(Your objective)
Set down all of the entries word for word, omitting the images they contain.

══════════

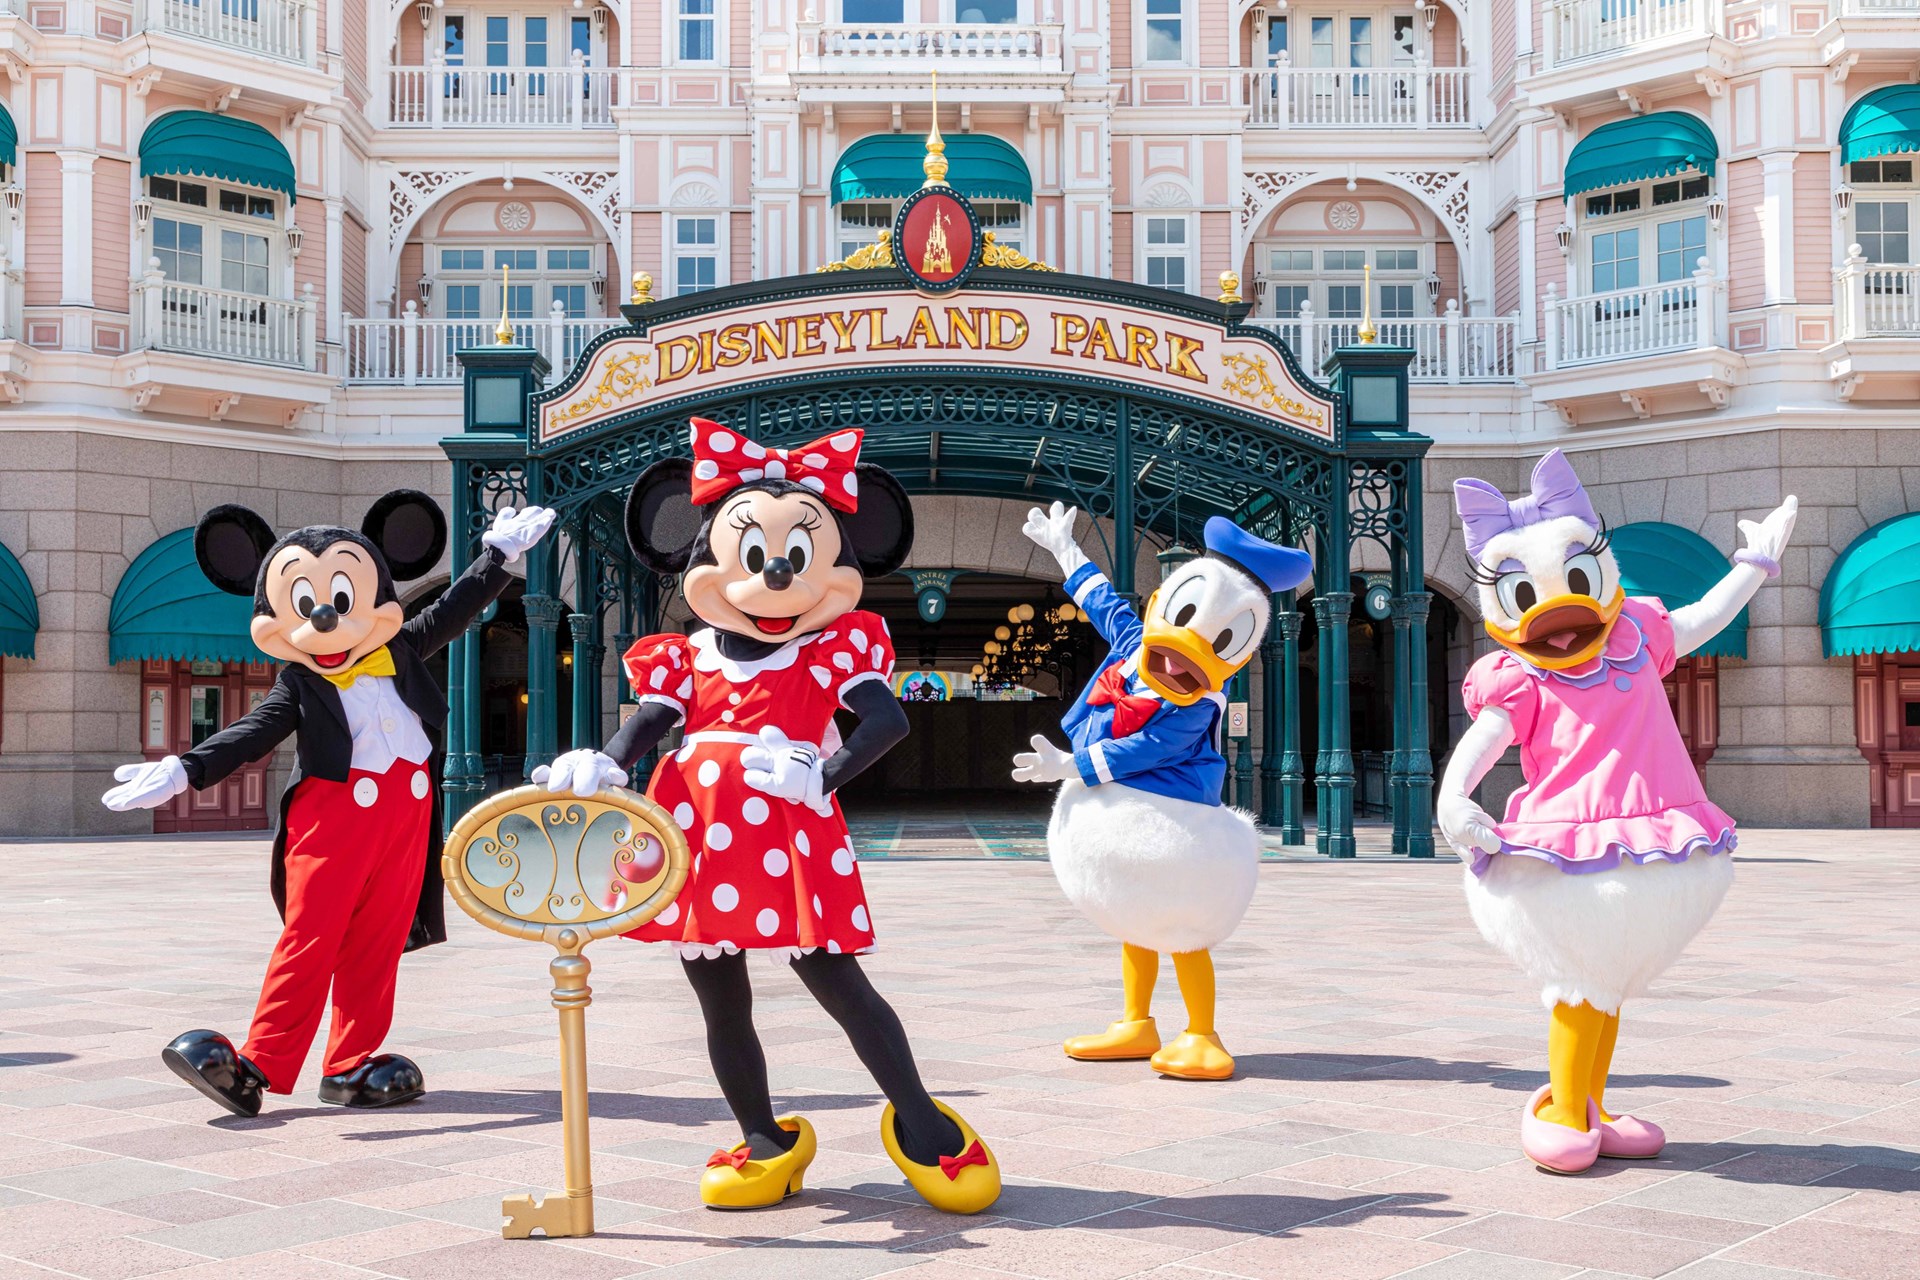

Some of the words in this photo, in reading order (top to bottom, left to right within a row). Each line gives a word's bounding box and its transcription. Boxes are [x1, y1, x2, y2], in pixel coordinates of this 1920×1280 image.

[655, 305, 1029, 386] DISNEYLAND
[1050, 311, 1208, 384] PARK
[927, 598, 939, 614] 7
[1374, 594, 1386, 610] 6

══════════

(Your response)
Some of the words in this photo, in reading order (top to bottom, left to right within a row). Each line gives a word's bounding box and its transcription. Boxes are [x1, y1, x2, y2], in pixel coordinates of this 1920×1280 image.

[655, 305, 1029, 386] DISNEYLAND
[1050, 311, 1208, 384] PARK
[927, 598, 939, 614] 7
[1374, 594, 1386, 610] 6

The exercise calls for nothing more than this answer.